Top of SUPPLIED MATERIAL

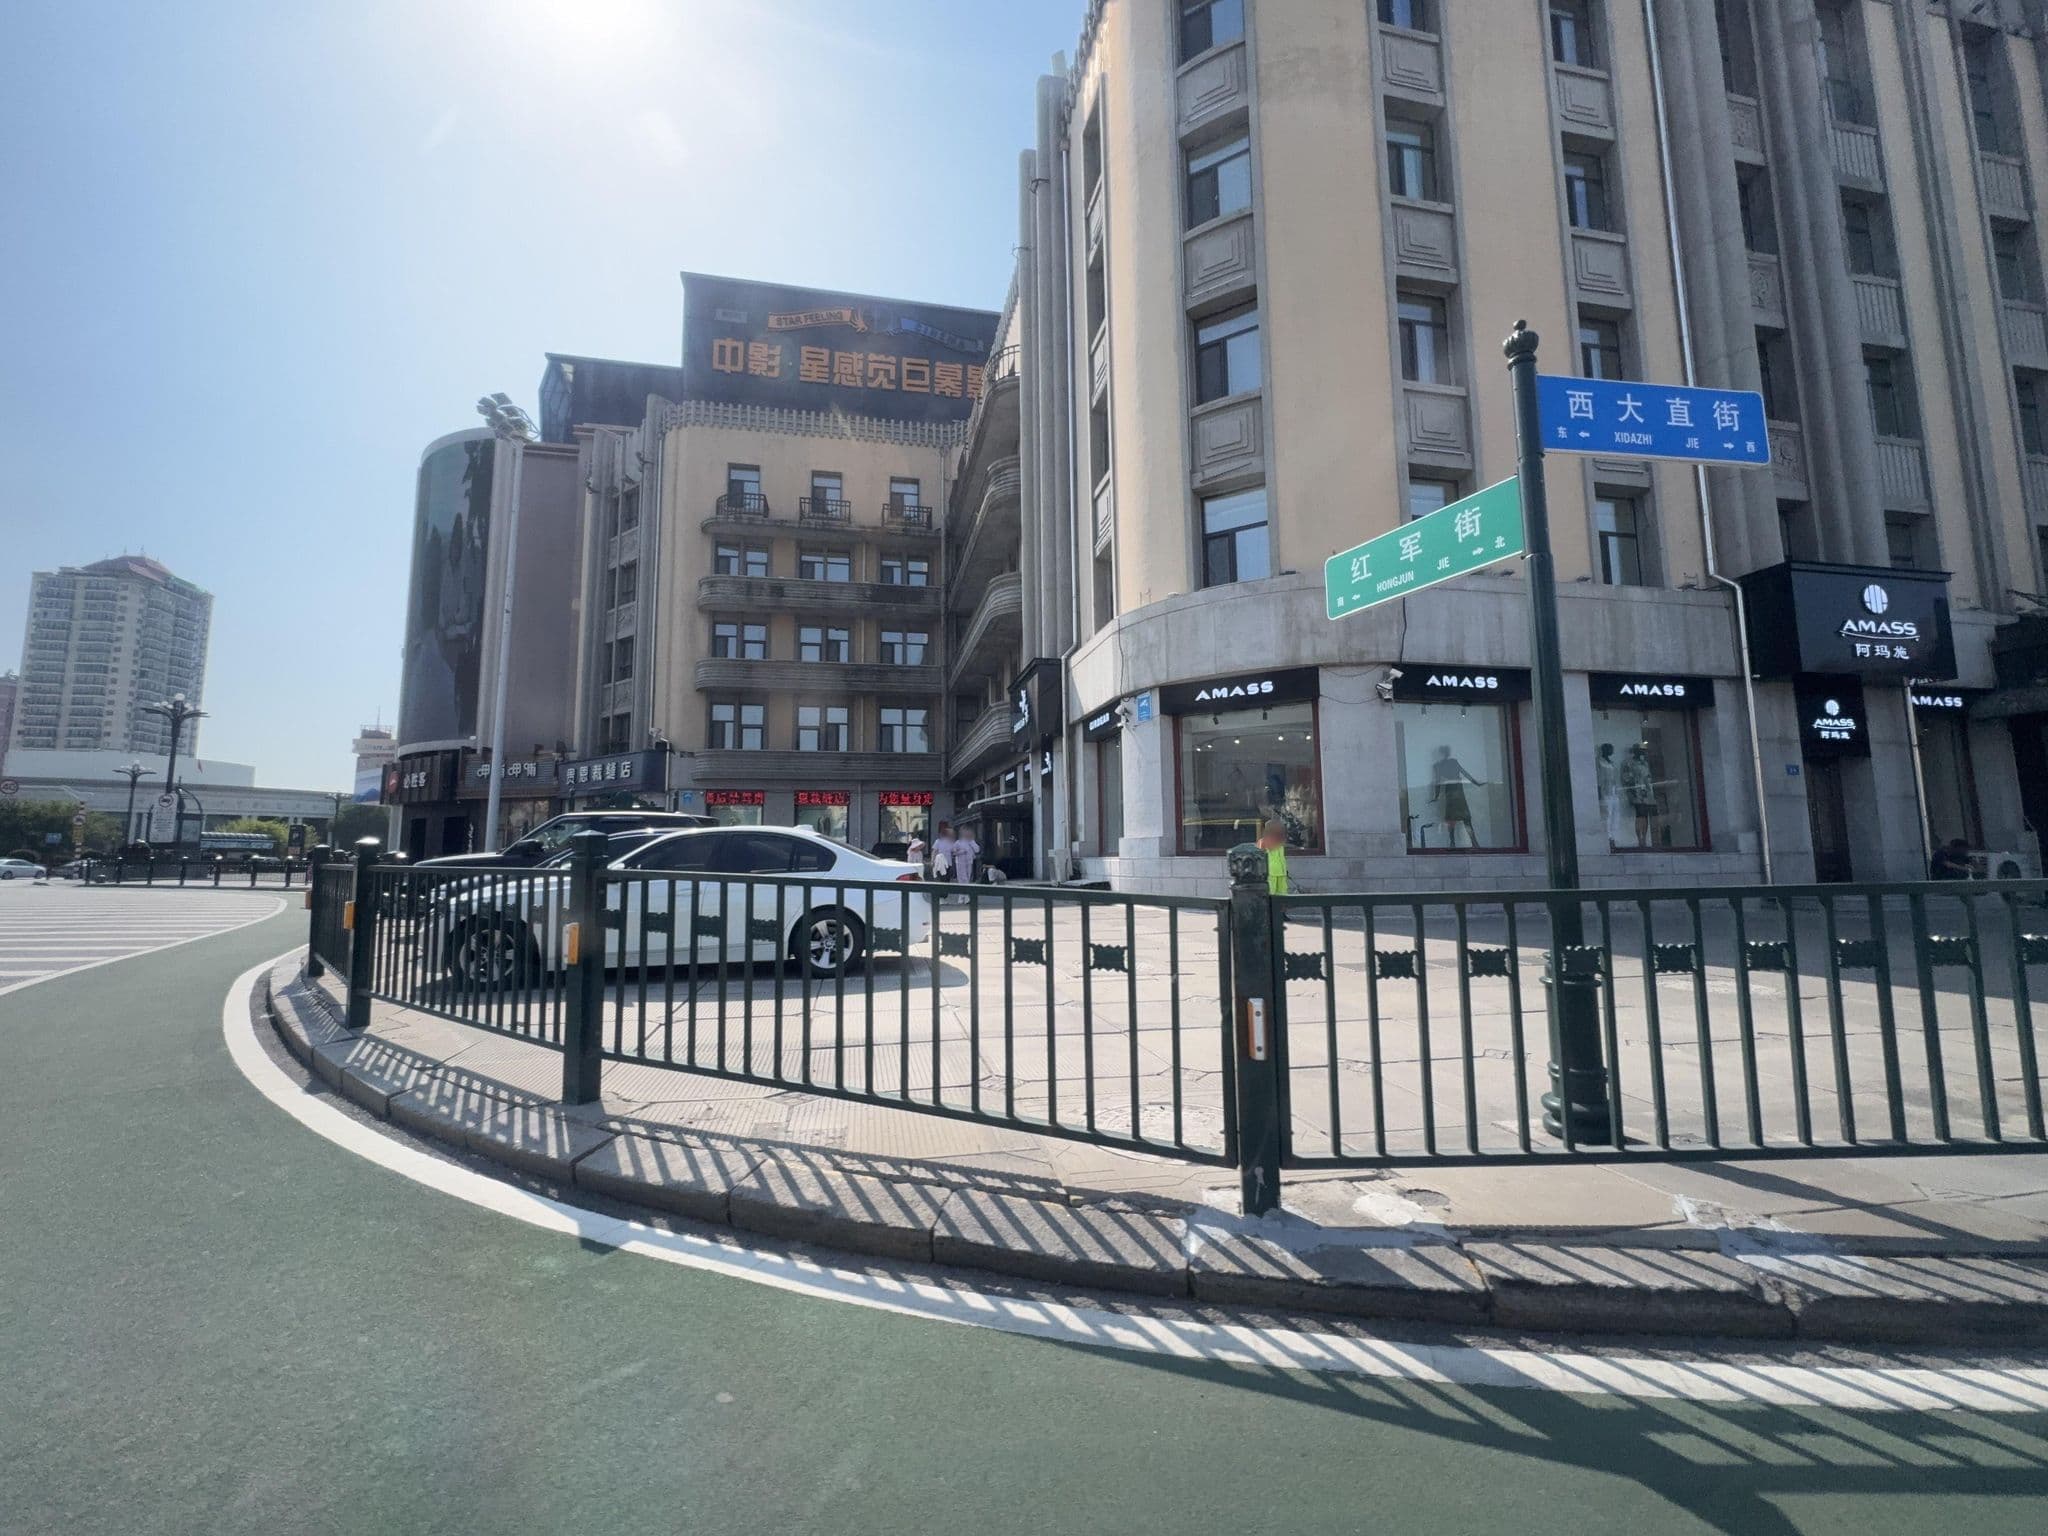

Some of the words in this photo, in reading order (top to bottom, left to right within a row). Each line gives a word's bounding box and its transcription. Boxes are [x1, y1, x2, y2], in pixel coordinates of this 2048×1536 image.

[776, 315, 803, 327] STAR
[803, 311, 843, 324] FEELING
[712, 338, 782, 378] 中影
[1566, 390, 1740, 432] 西大直街
[1557, 426, 1568, 439] 东
[1614, 431, 1652, 446] XIDAZHI
[1685, 437, 1700, 449] JIE
[1746, 441, 1756, 453] 西
[1351, 507, 1482, 584] 红军街
[1376, 570, 1415, 593] HONGJUN
[1437, 556, 1450, 571] JIE
[1495, 535, 1506, 549] 北
[1842, 619, 1918, 636] AMASS
[1855, 643, 1910, 660] 阿玛施
[1426, 674, 1498, 689] AMASS
[1619, 683, 1685, 697] AMASS
[1194, 680, 1274, 702] AMASS
[1814, 718, 1855, 727] AMASS
[477, 762, 537, 779] 呷呷哺

Bottom of SUPPLIED MATERIAL

YOUR OBJECTIVE: Output every record verbatim, excluding any picture it contains.

YOUR RESPONSE:
Some of the words in this photo, in reading order (top to bottom, left to right within a row). Each line gives a word's bounding box and its transcription. Boxes are [x1, y1, x2, y2], in pixel coordinates of this 2048×1536 image.

[776, 315, 803, 327] STAR
[803, 311, 843, 324] FEELING
[712, 338, 782, 378] 中影
[1566, 390, 1740, 432] 西大直街
[1557, 426, 1568, 439] 东
[1614, 431, 1652, 446] XIDAZHI
[1685, 437, 1700, 449] JIE
[1746, 441, 1756, 453] 西
[1351, 507, 1482, 584] 红军街
[1376, 570, 1415, 593] HONGJUN
[1437, 556, 1450, 571] JIE
[1495, 535, 1506, 549] 北
[1842, 619, 1918, 636] AMASS
[1855, 643, 1910, 660] 阿玛施
[1426, 674, 1498, 689] AMASS
[1619, 683, 1685, 697] AMASS
[1194, 680, 1274, 702] AMASS
[1814, 718, 1855, 727] AMASS
[477, 762, 537, 779] 呷呷哺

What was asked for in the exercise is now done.